Two months later, while sitting in a Canterbury restaurant with Eileen and a visiting friend from Florida, I found I could not hold myself erect nor move the left side of my body. It was evident I had suffered a stroke and I was soon stretchered off to hospital. Unable to move about under my own steam I needed a month in the recovery ward and finally home visits meant being pushed around the village in a wheelchair. Used to seeing me about in running gear, the locals thought I had fallen over while out training. I found I had so much to cope with that I had no spare energy to worry about other people, not even for my close family who had always been the constant targets of my worrying disposition. Strangely enough this attitude continued and once discharged I found it relatively easy to dismiss worrying thoughts as perverse and uninvited guests. I didn't resist them, but smiled and watched them pass me by. I concentrated on getting mobile again and really began to understand what hard work was. When I overtook my first human being - a very old lady dragging a shopping trolley! - it was to me the equivalent of an Olympic gold medal.

Intrusive thoughts did not give up easily, they had received a welcome for too long.
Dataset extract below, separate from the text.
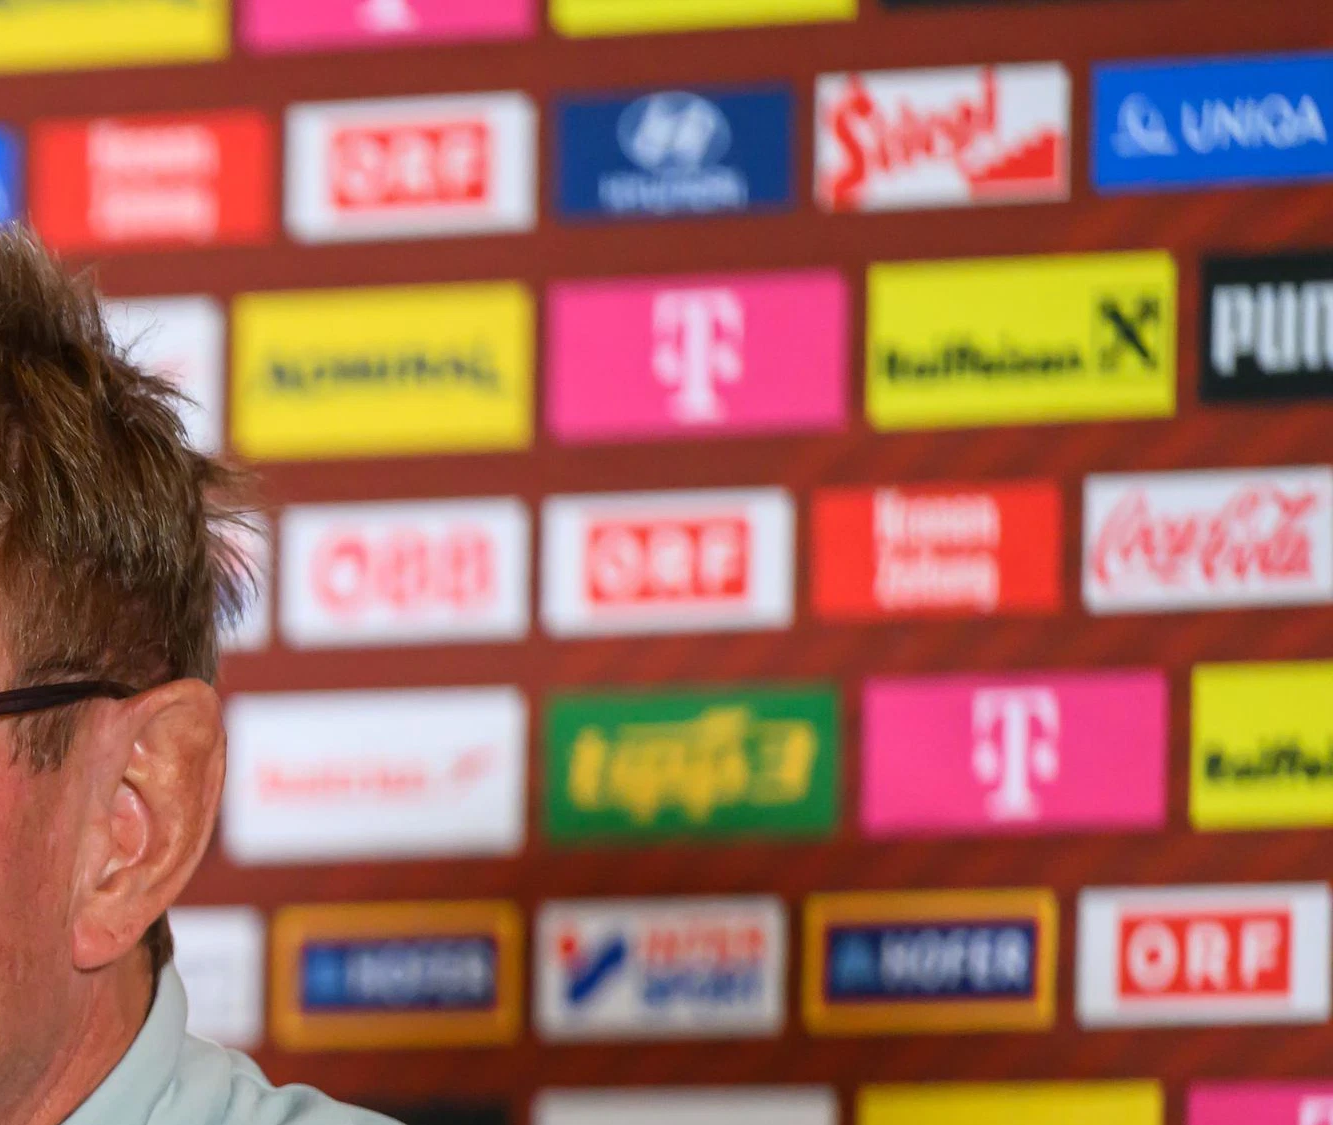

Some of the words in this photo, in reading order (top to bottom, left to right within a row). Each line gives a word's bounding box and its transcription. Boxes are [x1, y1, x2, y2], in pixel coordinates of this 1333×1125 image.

But this was another day. 'I am not a worrier' I told myself, 'Just plagued with unwanted worrying thoughts'. (If you are tempted to think this is mere semantics, that I play with words, please believe me these words made a great difference to my enjoyment of living.) You see, I just did not own these invasive thoughts. This was not the well advertised Power of Positive Thinking with all the strain of striving to remember to think correctly and say the right words. I was not whistling in the dark. I knew what I was saying was the truth. These unwanted worries did not originate in the deepest and holiest part of my being, they were not what I really wanted or believed.

Easily persisting with this truthful attitude I continued to let any negative destructive thoughts slip past me. Let me repeat, I did not resist unwanted thoughts or distressing feelings in my body, for I knew by bitter experience that what we resist persists. Like a reed bending in the wind I suppose, if it resisted the force it would snap.
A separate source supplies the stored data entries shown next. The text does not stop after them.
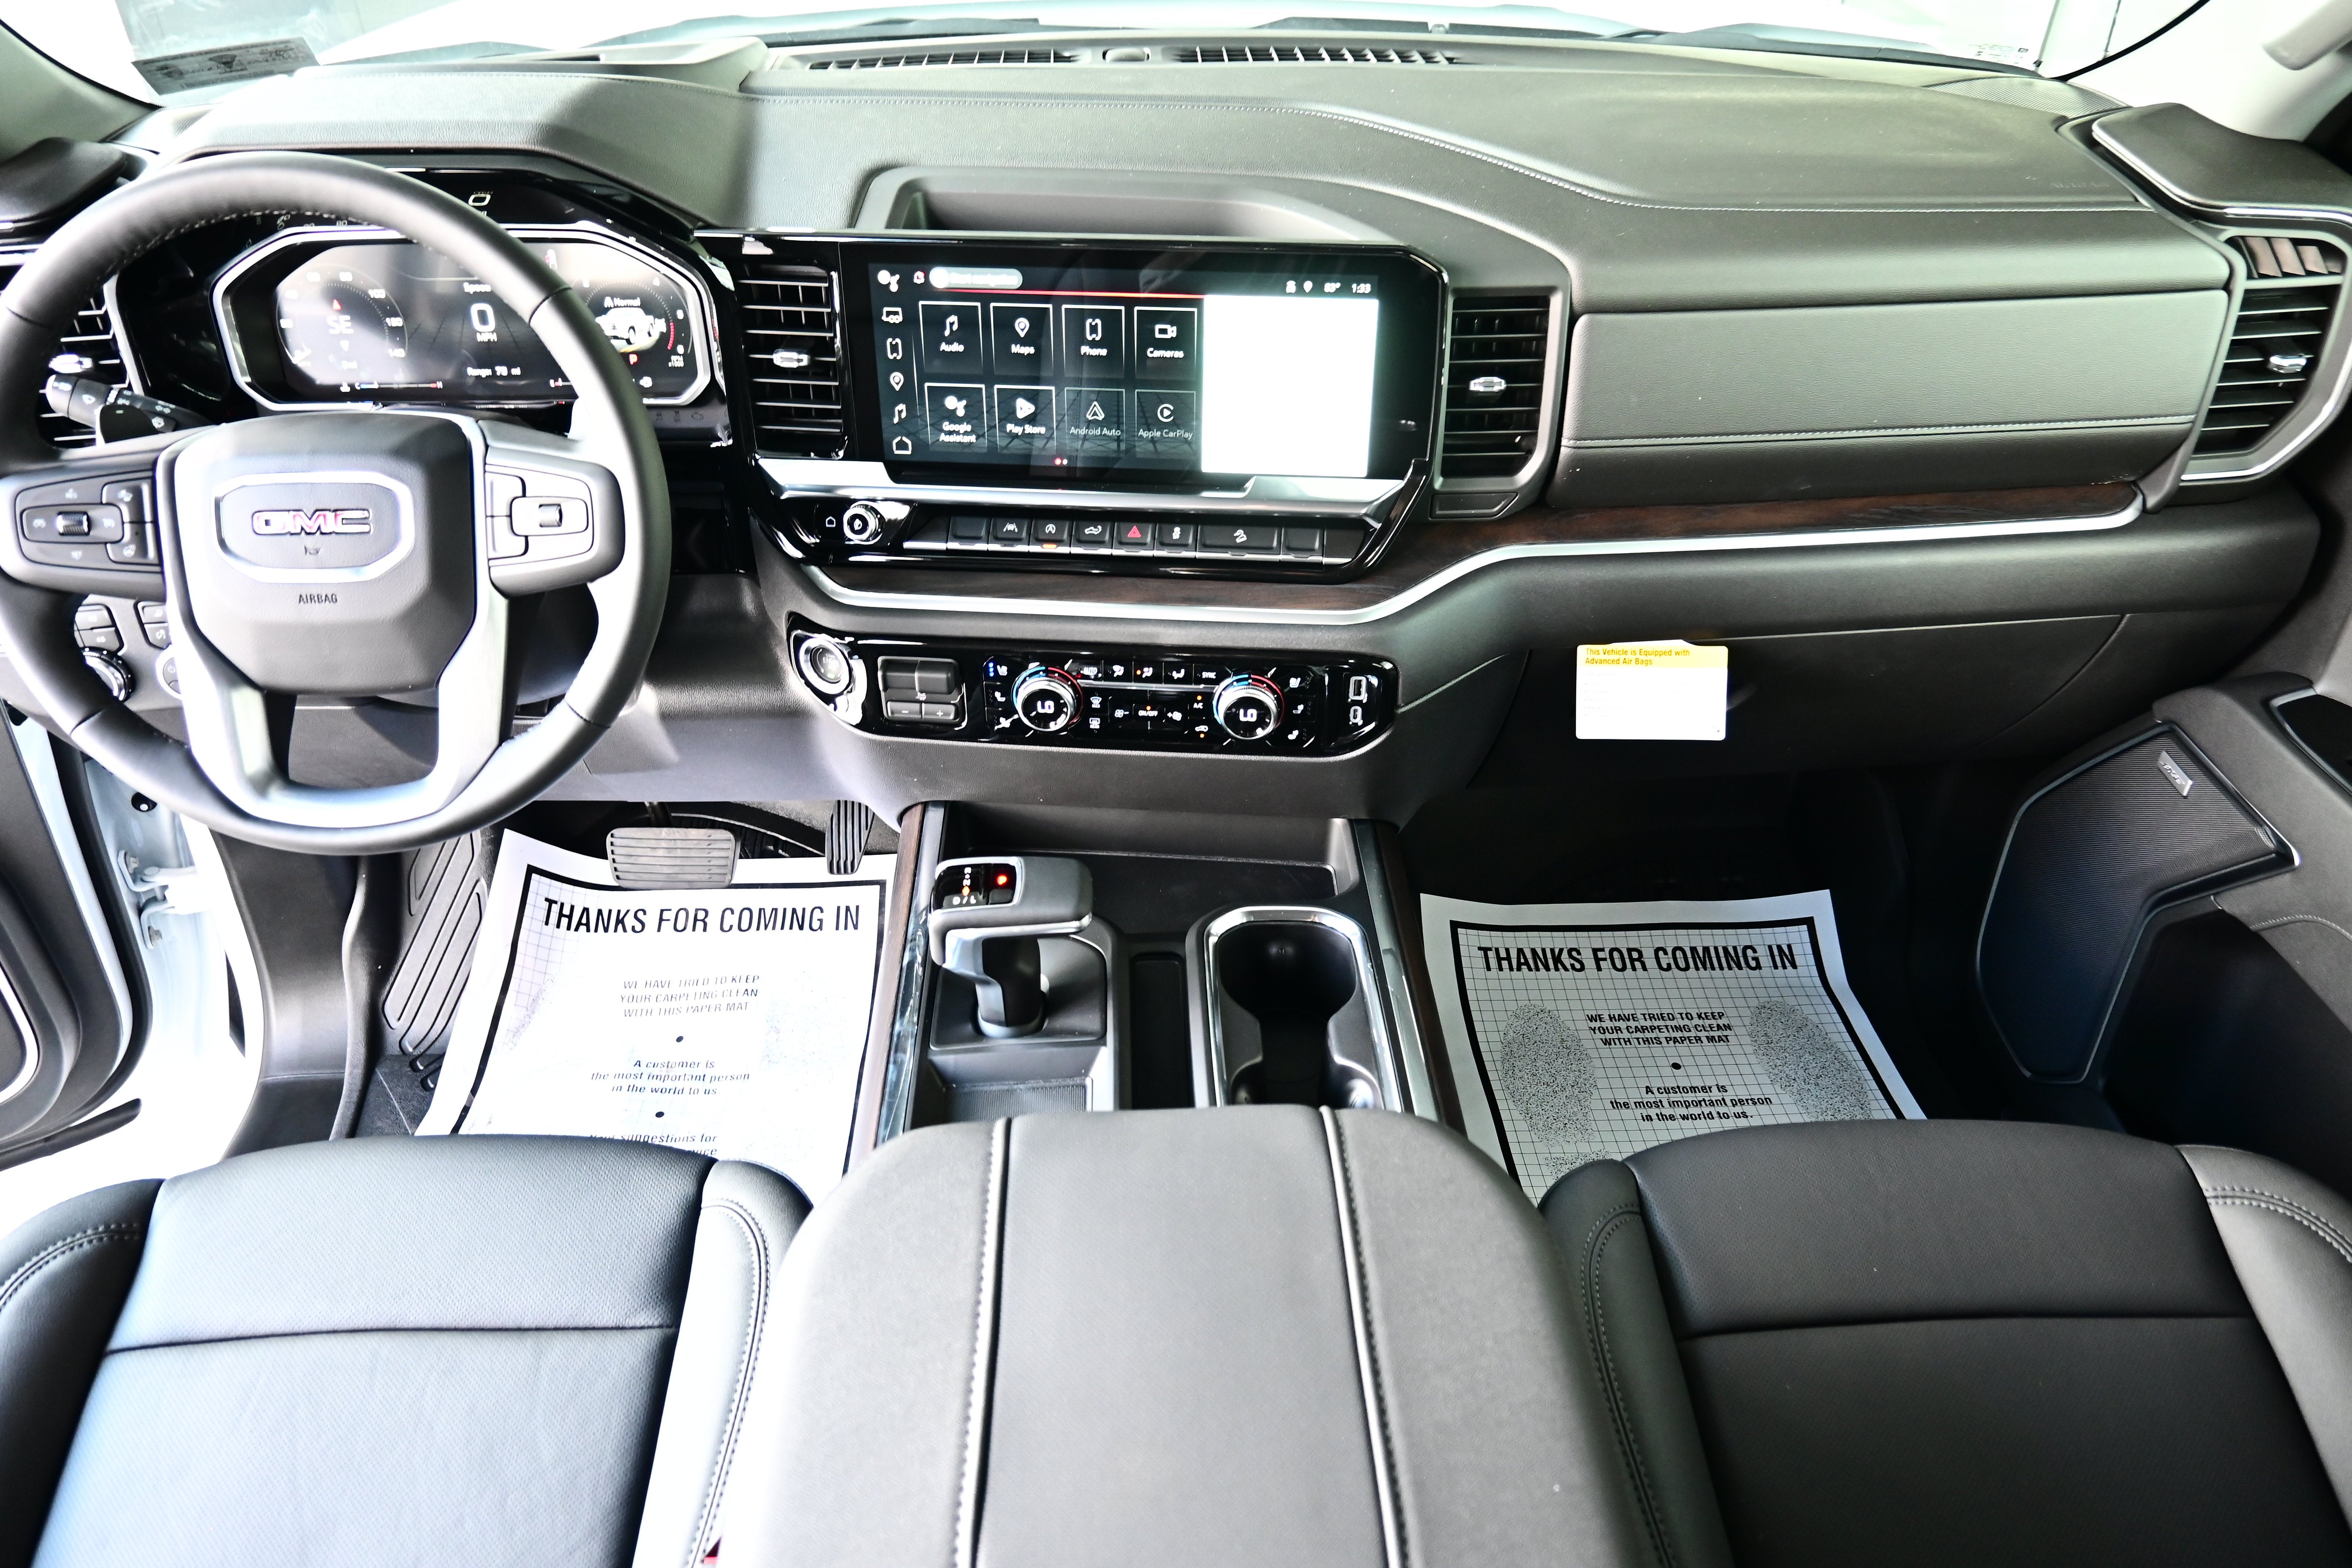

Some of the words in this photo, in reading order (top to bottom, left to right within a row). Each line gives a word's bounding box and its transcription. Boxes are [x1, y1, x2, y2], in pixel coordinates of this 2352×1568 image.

[471, 303, 495, 332] 0
[327, 316, 354, 335] SE
[476, 332, 497, 342] MPH
[940, 343, 964, 352] Audio
[1011, 344, 1035, 356] Maps
[1081, 346, 1107, 356] Phone
[1147, 348, 1184, 359] Cameras
[629, 354, 637, 365] P
[942, 422, 972, 433] Google
[1007, 424, 1023, 435] Play
[1024, 425, 1045, 435] Store
[1070, 427, 1103, 436] Android
[1104, 427, 1121, 436] Auto
[939, 433, 976, 444] Assistant
[1138, 428, 1161, 438] Apple
[1162, 430, 1193, 440] CarPlay
[252, 509, 371, 535] GMC
[299, 594, 338, 604] AIRBAG
[1639, 649, 1672, 657] Equipped
[1635, 658, 1653, 666] Bags
[544, 898, 646, 933] THANKS
[657, 907, 709, 932] FOR
[720, 906, 824, 932] COMING
[835, 905, 860, 931] IN
[1478, 947, 1585, 972] THANKS
[1592, 947, 1647, 972] FOR
[1654, 945, 1762, 972] COMING
[1768, 944, 1799, 971] IN
[645, 980, 672, 988] HAVE
[715, 976, 727, 985] TO
[732, 975, 759, 983] KEEP
[621, 994, 651, 1003] YOUR
[656, 991, 718, 1002] CARPETING
[722, 989, 758, 997] CLEAN
[624, 1008, 653, 1017] WITH
[659, 1007, 682, 1016] THIS
[686, 1004, 721, 1013] PAPER
[726, 1002, 749, 1011] MAT
[1587, 1014, 1606, 1023] WE
[1608, 1013, 1639, 1022] HAVE
[1641, 1013, 1675, 1021] TRIED
[1677, 1012, 1694, 1021] TO
[1696, 1012, 1725, 1020] KEEP
[1589, 1026, 1623, 1034] YOUR
[1626, 1024, 1692, 1034] CARPETING
[1694, 1023, 1732, 1032] CLEAN
[1600, 1037, 1632, 1046] WITH
[1633, 1037, 1663, 1045] THIS
[1664, 1036, 1704, 1045] PAPER
[1705, 1035, 1731, 1043] MAT
[646, 1060, 701, 1068] customer
[705, 1060, 714, 1068] is
[591, 1072, 609, 1080] the
[614, 1072, 643, 1080] most
[648, 1073, 706, 1083] important
[710, 1073, 750, 1083] person
[627, 1084, 645, 1094] the
[651, 1086, 684, 1095] world
[689, 1087, 699, 1095] to
[1645, 1086, 1654, 1094] A
[1657, 1085, 1712, 1094] customer
[1716, 1084, 1728, 1093] is
[1610, 1100, 1630, 1109] the
[1633, 1099, 1665, 1108] most
[1667, 1097, 1728, 1110] important
[1731, 1097, 1773, 1108] person
[1640, 1113, 1653, 1122] in
[1656, 1112, 1676, 1122] the
[1679, 1111, 1715, 1121] world
[1717, 1111, 1730, 1119] to
[1734, 1111, 1753, 1119] us.
[700, 1133, 717, 1143] for
If I failed, then I accepted the pain this inevitably brought. This quiet acceptance obviously stopped the flow of any further adrenalin and anxieties subsided. Lessons I had read about long ago, in the valued writings of the saintly doctor Claire Weekes, began to pay off and I was learning to undo the habits of a lifetime.

I now realise how often severe adversity can change our perspective by giving us no alternative but to focus on the present moment. I don't promise never to worry again, but I feel quietly confident I will be living on a different level. And the demon of Worry has been exposed, not as a constant winner but as a fraud, and his beloved adversity turned to my advantage.